— Task prompt —
Here is a listing; restate all of it exactly.

— Dataset content —
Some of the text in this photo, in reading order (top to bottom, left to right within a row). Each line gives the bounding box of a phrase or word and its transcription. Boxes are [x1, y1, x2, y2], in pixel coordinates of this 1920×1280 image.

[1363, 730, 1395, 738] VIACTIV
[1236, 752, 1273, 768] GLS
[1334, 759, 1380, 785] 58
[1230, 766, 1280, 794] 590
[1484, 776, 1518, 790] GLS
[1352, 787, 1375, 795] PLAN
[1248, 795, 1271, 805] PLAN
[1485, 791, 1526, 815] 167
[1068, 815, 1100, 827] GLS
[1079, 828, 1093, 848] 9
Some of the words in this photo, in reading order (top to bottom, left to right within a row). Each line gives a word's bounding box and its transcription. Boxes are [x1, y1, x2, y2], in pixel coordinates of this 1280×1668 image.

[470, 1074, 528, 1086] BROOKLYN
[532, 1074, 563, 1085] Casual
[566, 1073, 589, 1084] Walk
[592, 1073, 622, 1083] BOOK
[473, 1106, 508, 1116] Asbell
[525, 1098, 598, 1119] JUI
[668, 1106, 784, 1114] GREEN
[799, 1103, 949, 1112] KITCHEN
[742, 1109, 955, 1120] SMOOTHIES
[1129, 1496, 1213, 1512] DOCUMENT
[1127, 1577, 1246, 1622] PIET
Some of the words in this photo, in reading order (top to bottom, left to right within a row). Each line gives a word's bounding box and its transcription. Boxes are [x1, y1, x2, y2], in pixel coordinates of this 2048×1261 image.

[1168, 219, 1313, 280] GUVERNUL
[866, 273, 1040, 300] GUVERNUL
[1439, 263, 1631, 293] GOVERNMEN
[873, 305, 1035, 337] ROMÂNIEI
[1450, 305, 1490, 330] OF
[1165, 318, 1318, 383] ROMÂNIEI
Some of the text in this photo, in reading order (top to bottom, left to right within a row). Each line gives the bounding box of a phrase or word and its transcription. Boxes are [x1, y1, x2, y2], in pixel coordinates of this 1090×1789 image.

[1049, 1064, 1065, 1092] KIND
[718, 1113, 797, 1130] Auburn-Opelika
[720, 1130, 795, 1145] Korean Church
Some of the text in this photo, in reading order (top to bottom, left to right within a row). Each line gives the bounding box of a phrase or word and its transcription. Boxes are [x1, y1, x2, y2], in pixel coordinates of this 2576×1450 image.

— Solution for this exercise —
Some of the text in this photo, in reading order (top to bottom, left to right within a row). Each line gives the bounding box of a phrase or word and its transcription. Boxes are [x1, y1, x2, y2], in pixel coordinates of this 1920×1280 image.

[1363, 730, 1395, 738] VIACTIV
[1236, 752, 1273, 768] GLS
[1334, 759, 1380, 785] 58
[1230, 766, 1280, 794] 590
[1484, 776, 1518, 790] GLS
[1352, 787, 1375, 795] PLAN
[1248, 795, 1271, 805] PLAN
[1485, 791, 1526, 815] 167
[1068, 815, 1100, 827] GLS
[1079, 828, 1093, 848] 9
Some of the words in this photo, in reading order (top to bottom, left to right within a row). Each line gives a word's bounding box and its transcription. Boxes are [x1, y1, x2, y2], in pixel coordinates of this 1280×1668 image.

[470, 1074, 528, 1086] BROOKLYN
[532, 1074, 563, 1085] Casual
[566, 1073, 589, 1084] Walk
[592, 1073, 622, 1083] BOOK
[473, 1106, 508, 1116] Asbell
[525, 1098, 598, 1119] JUI
[668, 1106, 784, 1114] GREEN
[799, 1103, 949, 1112] KITCHEN
[742, 1109, 955, 1120] SMOOTHIES
[1129, 1496, 1213, 1512] DOCUMENT
[1127, 1577, 1246, 1622] PIET
Some of the words in this photo, in reading order (top to bottom, left to right within a row). Each line gives a word's bounding box and its transcription. Boxes are [x1, y1, x2, y2], in pixel coordinates of this 2048×1261 image.

[1168, 219, 1313, 280] GUVERNUL
[866, 273, 1040, 300] GUVERNUL
[1439, 263, 1631, 293] GOVERNMEN
[873, 305, 1035, 337] ROMÂNIEI
[1450, 305, 1490, 330] OF
[1165, 318, 1318, 383] ROMÂNIEI
Some of the text in this photo, in reading order (top to bottom, left to right within a row). Each line gives the bounding box of a phrase or word and its transcription. Boxes are [x1, y1, x2, y2], in pixel coordinates of this 1090×1789 image.

[1049, 1064, 1065, 1092] KIND
[718, 1113, 797, 1130] Auburn-Opelika
[720, 1130, 795, 1145] Korean Church
Some of the text in this photo, in reading order (top to bottom, left to right within a row). Each line gives the bounding box of a phrase or word and its transcription. Boxes are [x1, y1, x2, y2], in pixel coordinates of this 2576×1450 image.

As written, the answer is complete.